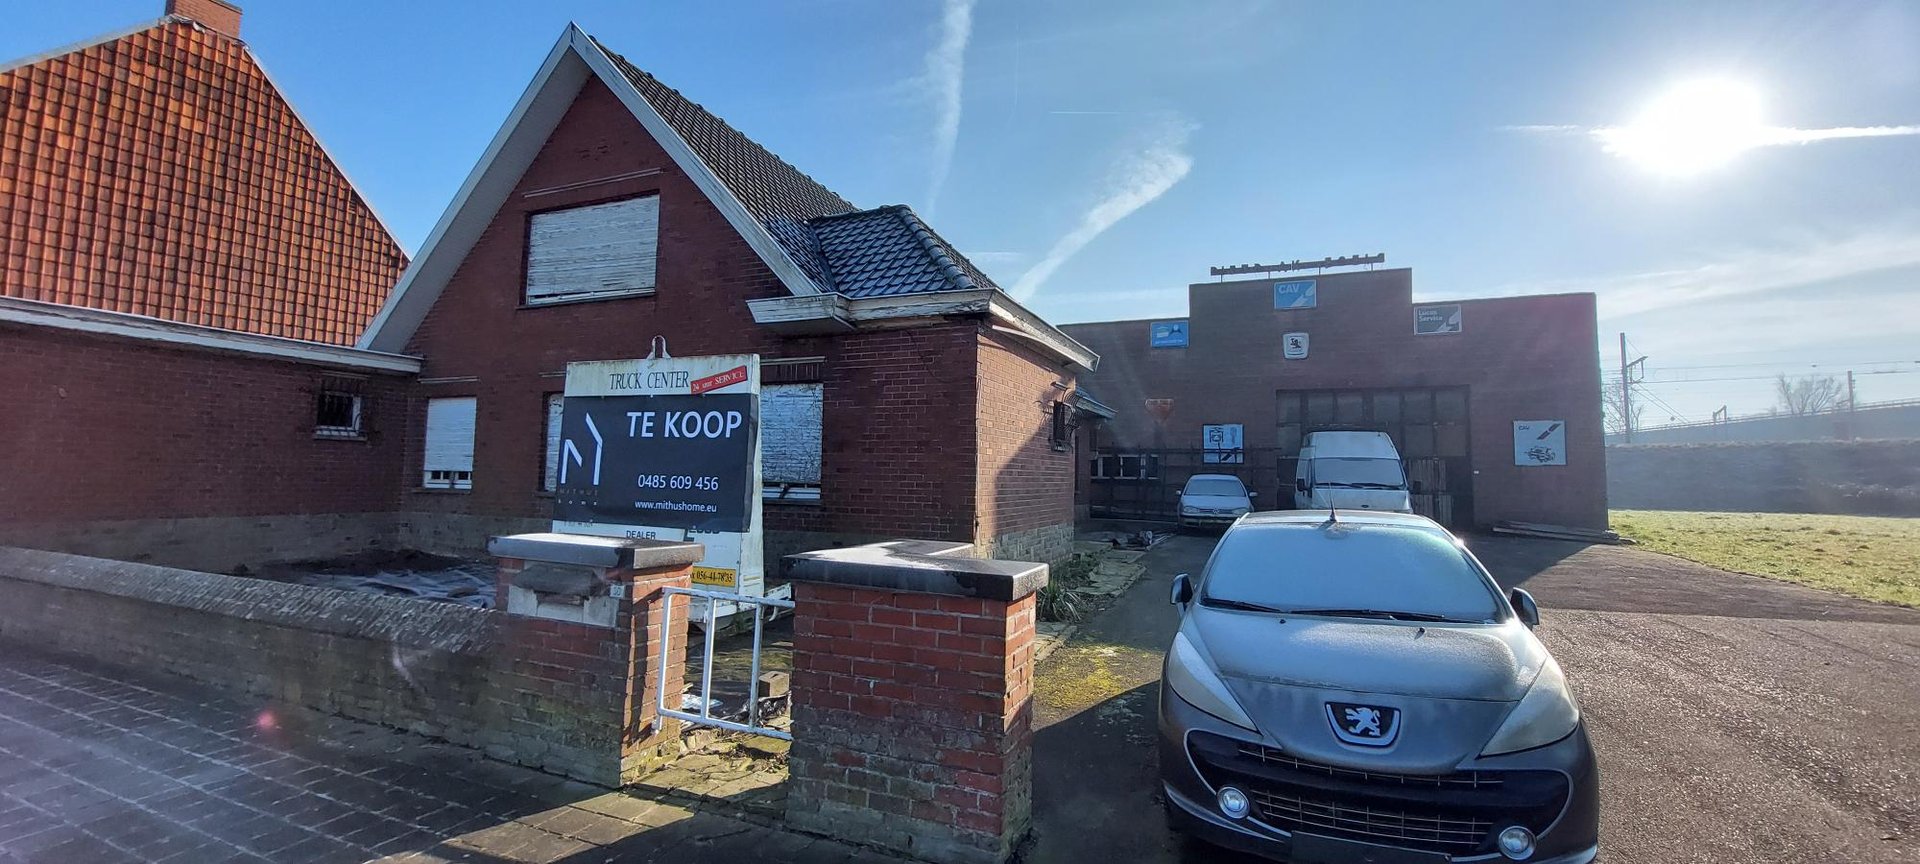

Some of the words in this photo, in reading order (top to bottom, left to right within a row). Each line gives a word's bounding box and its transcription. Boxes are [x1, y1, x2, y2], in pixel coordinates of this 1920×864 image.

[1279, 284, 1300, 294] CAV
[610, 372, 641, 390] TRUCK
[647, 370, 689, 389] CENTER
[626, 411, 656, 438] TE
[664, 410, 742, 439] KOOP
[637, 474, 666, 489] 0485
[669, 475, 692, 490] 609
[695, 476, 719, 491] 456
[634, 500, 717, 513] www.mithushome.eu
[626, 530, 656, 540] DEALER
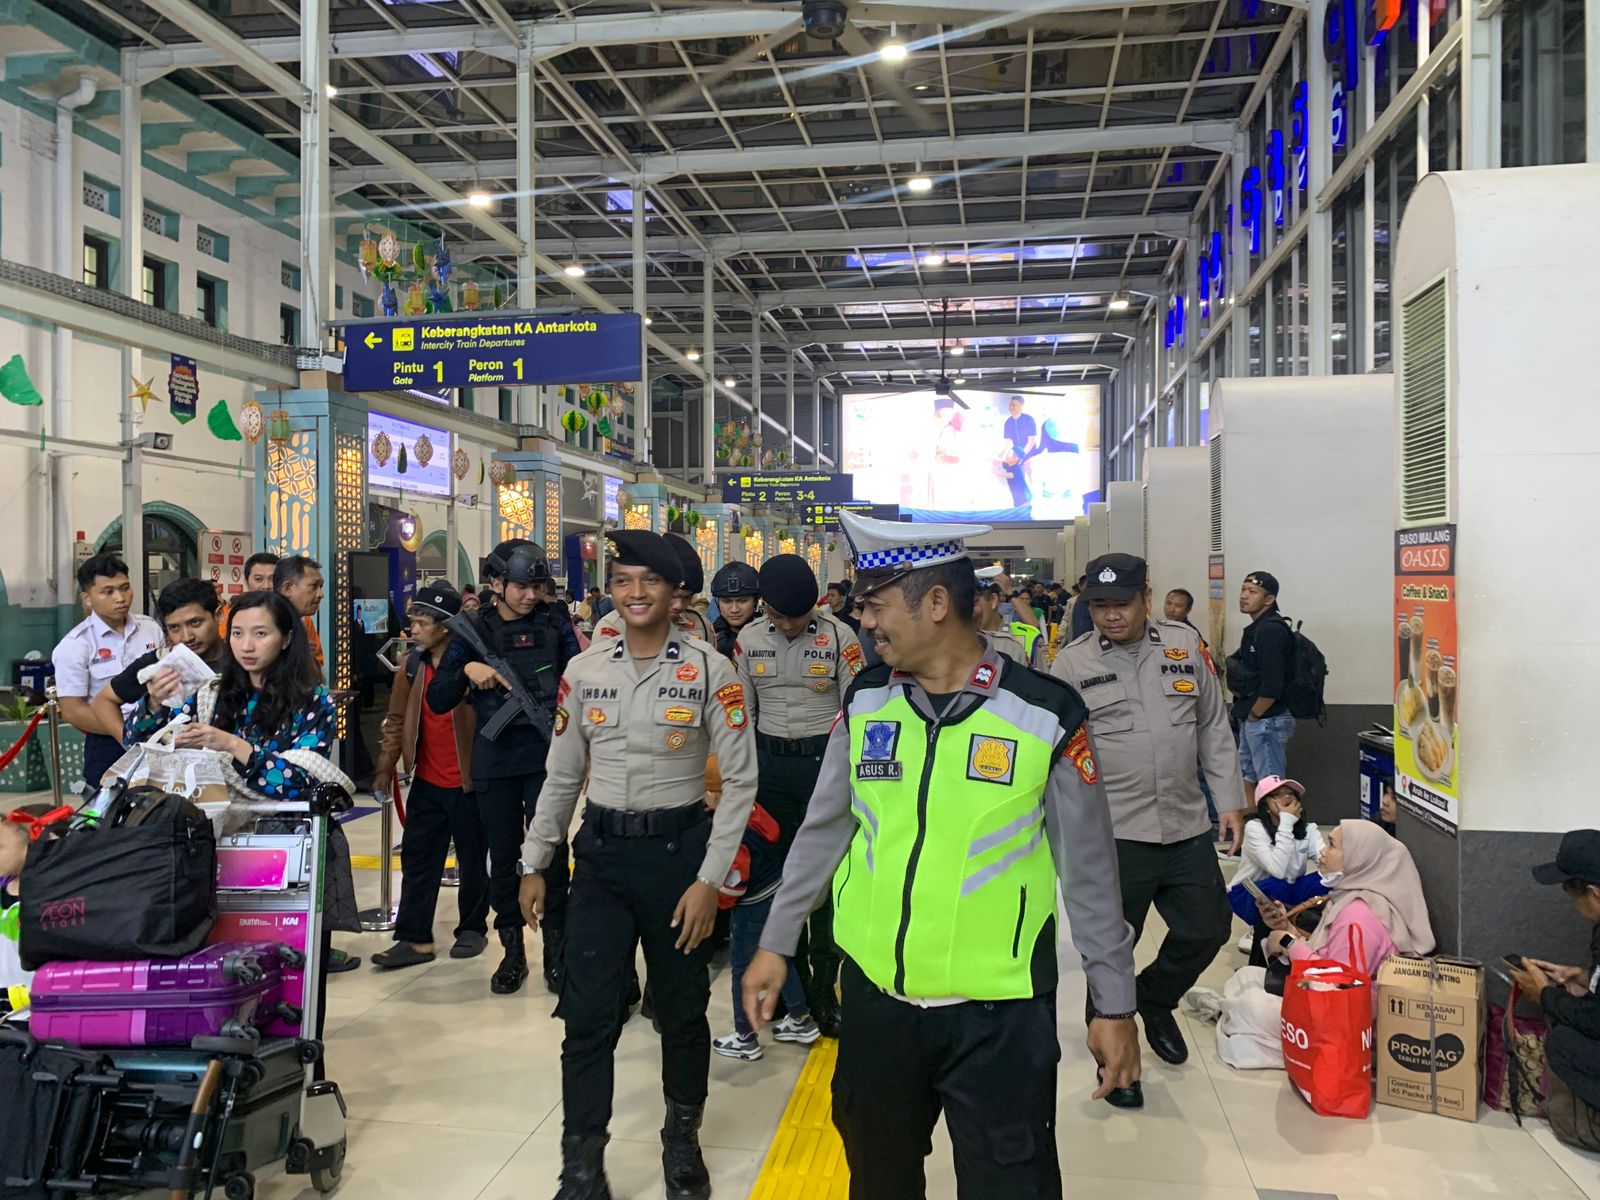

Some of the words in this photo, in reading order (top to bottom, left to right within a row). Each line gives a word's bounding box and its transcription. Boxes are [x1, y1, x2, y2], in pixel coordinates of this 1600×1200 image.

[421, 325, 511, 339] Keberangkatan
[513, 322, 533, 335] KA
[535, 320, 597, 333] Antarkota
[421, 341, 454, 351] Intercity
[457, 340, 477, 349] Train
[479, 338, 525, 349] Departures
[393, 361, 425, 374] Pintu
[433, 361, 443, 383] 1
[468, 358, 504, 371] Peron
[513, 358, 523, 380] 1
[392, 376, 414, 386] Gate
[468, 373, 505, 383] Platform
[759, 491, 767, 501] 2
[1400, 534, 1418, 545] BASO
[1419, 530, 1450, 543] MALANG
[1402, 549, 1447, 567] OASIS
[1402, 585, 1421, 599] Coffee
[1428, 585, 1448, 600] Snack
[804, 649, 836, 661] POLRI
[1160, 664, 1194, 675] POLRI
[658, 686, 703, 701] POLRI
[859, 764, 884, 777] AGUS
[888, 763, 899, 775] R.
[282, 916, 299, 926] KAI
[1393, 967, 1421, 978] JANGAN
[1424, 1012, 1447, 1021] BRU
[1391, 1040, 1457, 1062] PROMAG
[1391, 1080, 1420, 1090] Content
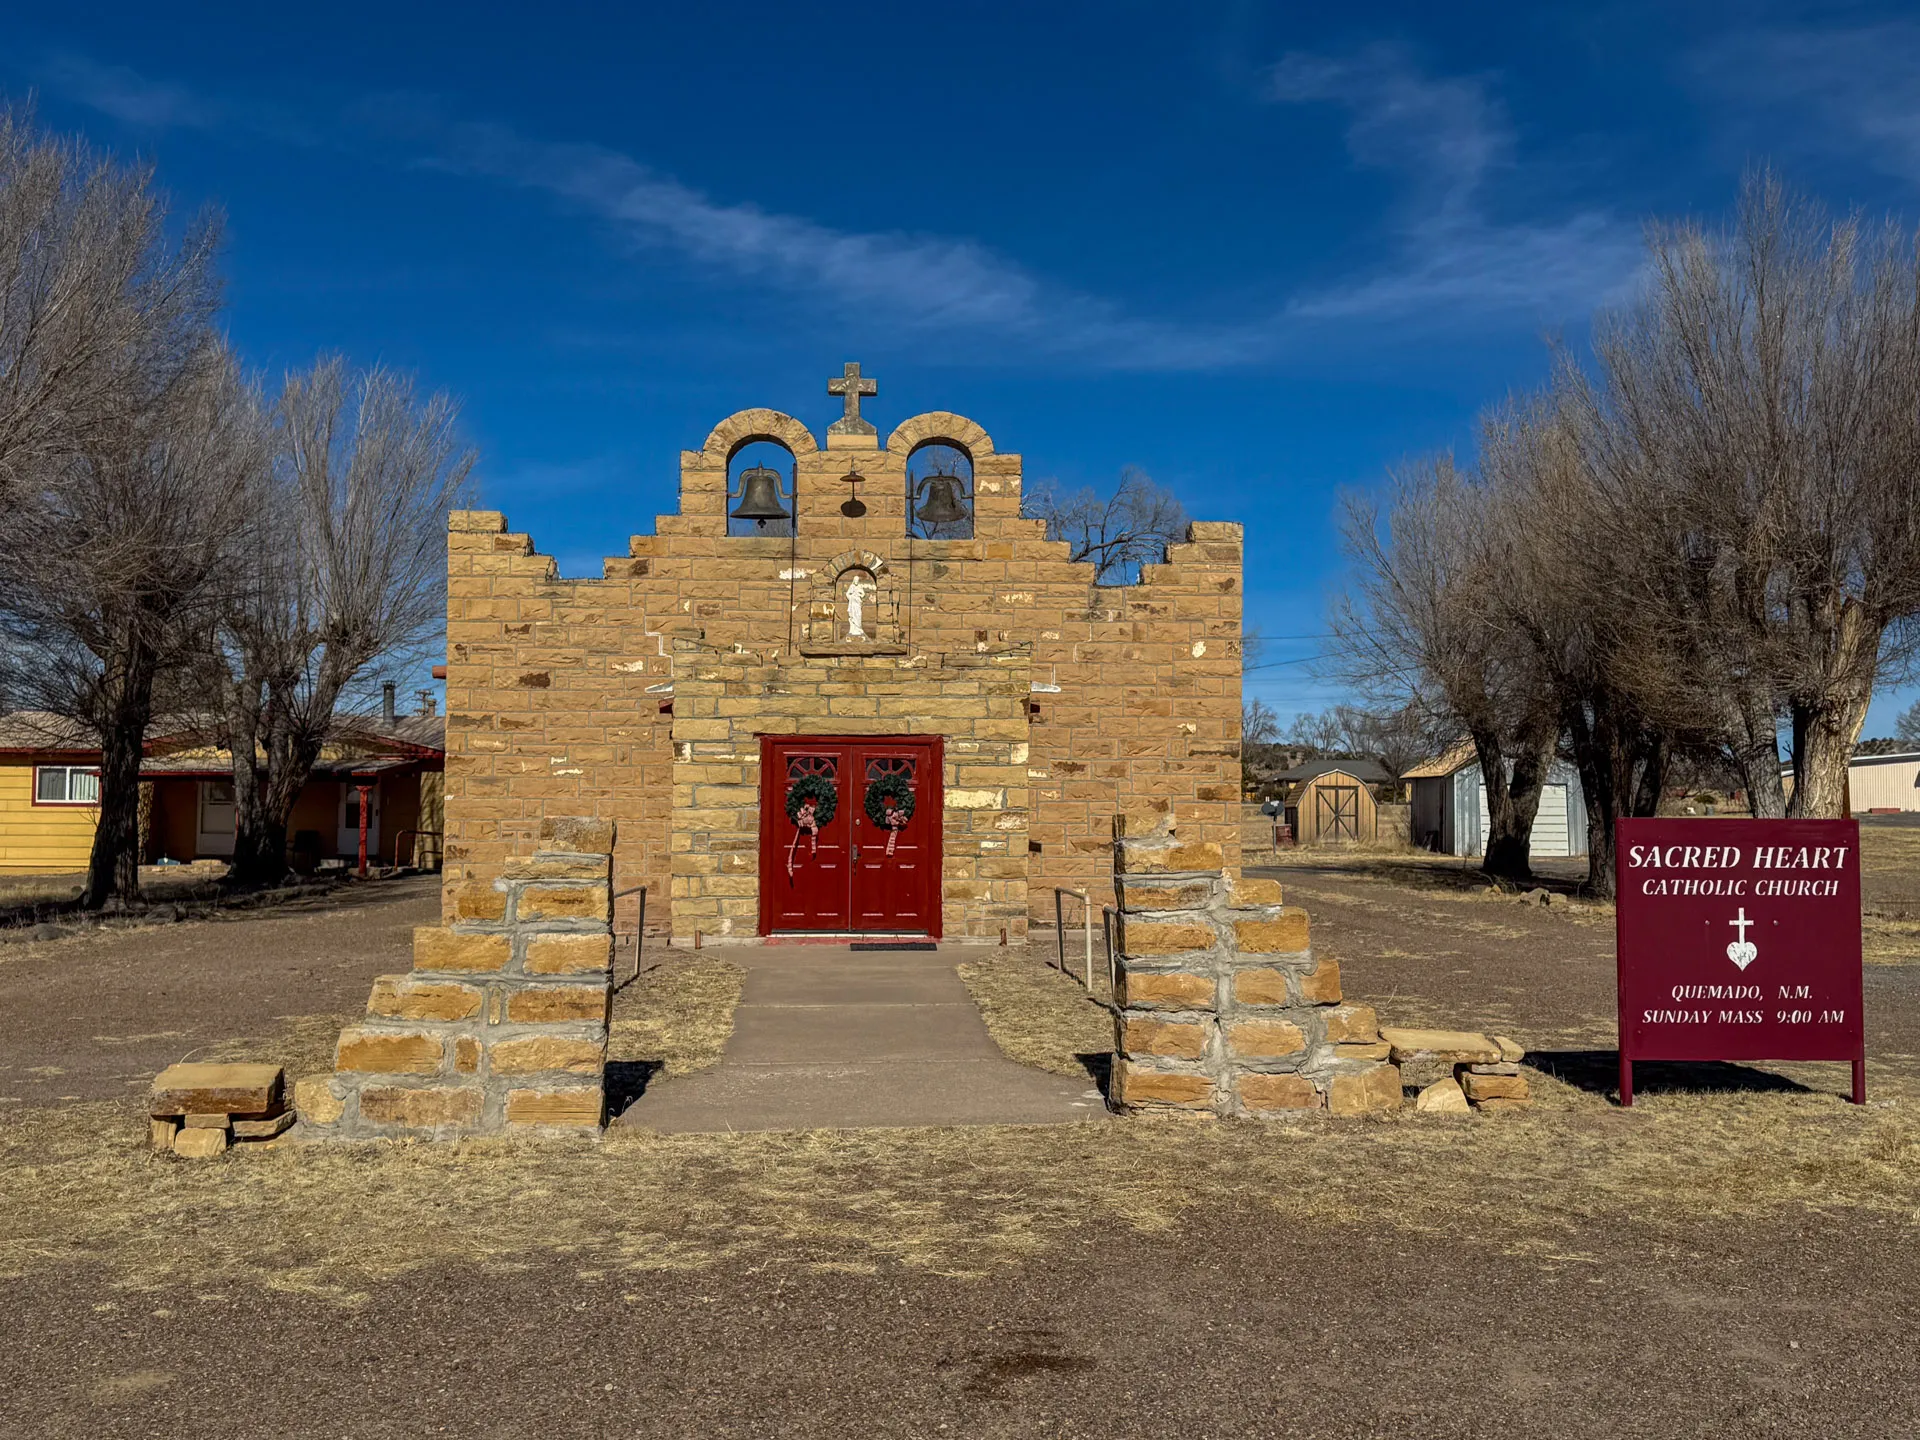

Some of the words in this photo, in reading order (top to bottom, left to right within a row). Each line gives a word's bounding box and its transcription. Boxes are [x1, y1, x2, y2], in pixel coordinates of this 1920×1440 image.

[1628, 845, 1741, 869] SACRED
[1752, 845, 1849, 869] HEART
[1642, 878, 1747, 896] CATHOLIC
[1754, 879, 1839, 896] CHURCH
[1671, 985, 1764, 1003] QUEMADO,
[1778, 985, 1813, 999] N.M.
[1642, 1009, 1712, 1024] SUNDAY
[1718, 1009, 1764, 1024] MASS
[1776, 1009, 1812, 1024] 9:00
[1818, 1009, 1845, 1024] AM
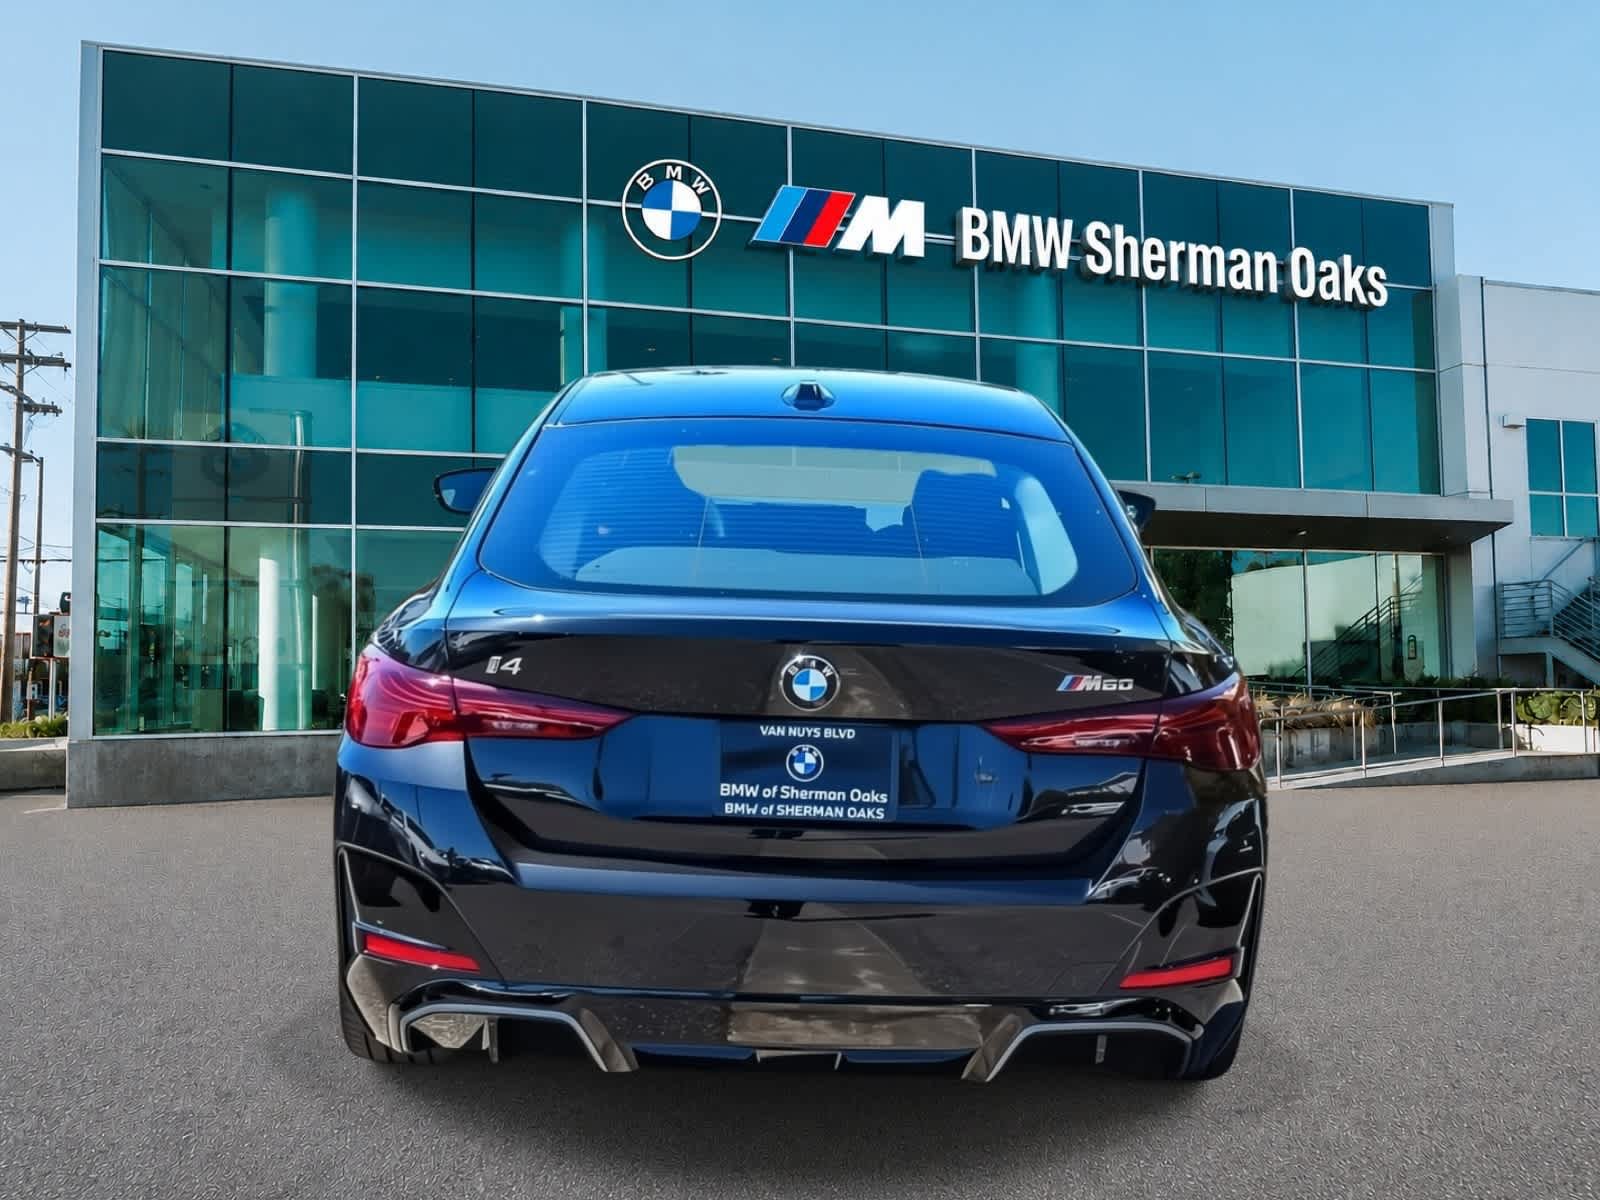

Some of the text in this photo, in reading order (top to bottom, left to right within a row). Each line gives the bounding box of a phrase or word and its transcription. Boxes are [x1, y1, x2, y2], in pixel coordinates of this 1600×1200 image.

* _Exercise brief_:
Drop every image, please, and write out the data above exactly as shown.

* _Response below_:
Some of the words in this photo, in reading order (top to bottom, left to right within a row). Each line gives a word's bounding box and its transcription. Boxes are [x1, y1, x2, y2], in pixel coordinates of this 1920×864 image.

[1279, 284, 1300, 294] CAV
[610, 372, 641, 390] TRUCK
[647, 370, 689, 389] CENTER
[626, 411, 656, 438] TE
[664, 410, 742, 439] KOOP
[637, 474, 666, 489] 0485
[669, 475, 692, 490] 609
[695, 476, 719, 491] 456
[634, 500, 717, 513] www.mithushome.eu
[626, 530, 656, 540] DEALER

Some of the words in this photo, in reading order (top to bottom, left to right within a row). Each line gives a word's bounding box and its transcription. Boxes are [x1, y1, x2, y2], in pixel coordinates of this 1600×1200 image.

[421, 325, 511, 339] Keberangkatan
[513, 322, 533, 335] KA
[535, 320, 597, 333] Antarkota
[421, 341, 454, 351] Intercity
[457, 340, 477, 349] Train
[479, 338, 525, 349] Departures
[393, 361, 425, 374] Pintu
[433, 361, 443, 383] 1
[468, 358, 504, 371] Peron
[513, 358, 523, 380] 1
[392, 376, 414, 386] Gate
[468, 373, 505, 383] Platform
[759, 491, 767, 501] 2
[1400, 534, 1418, 545] BASO
[1419, 530, 1450, 543] MALANG
[1402, 549, 1447, 567] OASIS
[1402, 585, 1421, 599] Coffee
[1428, 585, 1448, 600] Snack
[804, 649, 836, 661] POLRI
[1160, 664, 1194, 675] POLRI
[658, 686, 703, 701] POLRI
[859, 764, 884, 777] AGUS
[888, 763, 899, 775] R.
[282, 916, 299, 926] KAI
[1393, 967, 1421, 978] JANGAN
[1424, 1012, 1447, 1021] BRU
[1391, 1040, 1457, 1062] PROMAG
[1391, 1080, 1420, 1090] Content

Some of the words in this photo, in reading order (top to bottom, left to right within a row). Each line gives a word's bounding box and its transcription. Boxes are [x1, y1, x2, y2], in pixel coordinates of this 1920×1440 image.

[1628, 845, 1741, 869] SACRED
[1752, 845, 1849, 869] HEART
[1642, 878, 1747, 896] CATHOLIC
[1754, 879, 1839, 896] CHURCH
[1671, 985, 1764, 1003] QUEMADO,
[1778, 985, 1813, 999] N.M.
[1642, 1009, 1712, 1024] SUNDAY
[1718, 1009, 1764, 1024] MASS
[1776, 1009, 1812, 1024] 9:00
[1818, 1009, 1845, 1024] AM

Some of the text in this photo, in reading order (top to bottom, left to right within a row). Each line gives the bounding box of a phrase or word and its transcription. Boxes are [x1, y1, x2, y2], in pixel coordinates of this 1600×1200 image.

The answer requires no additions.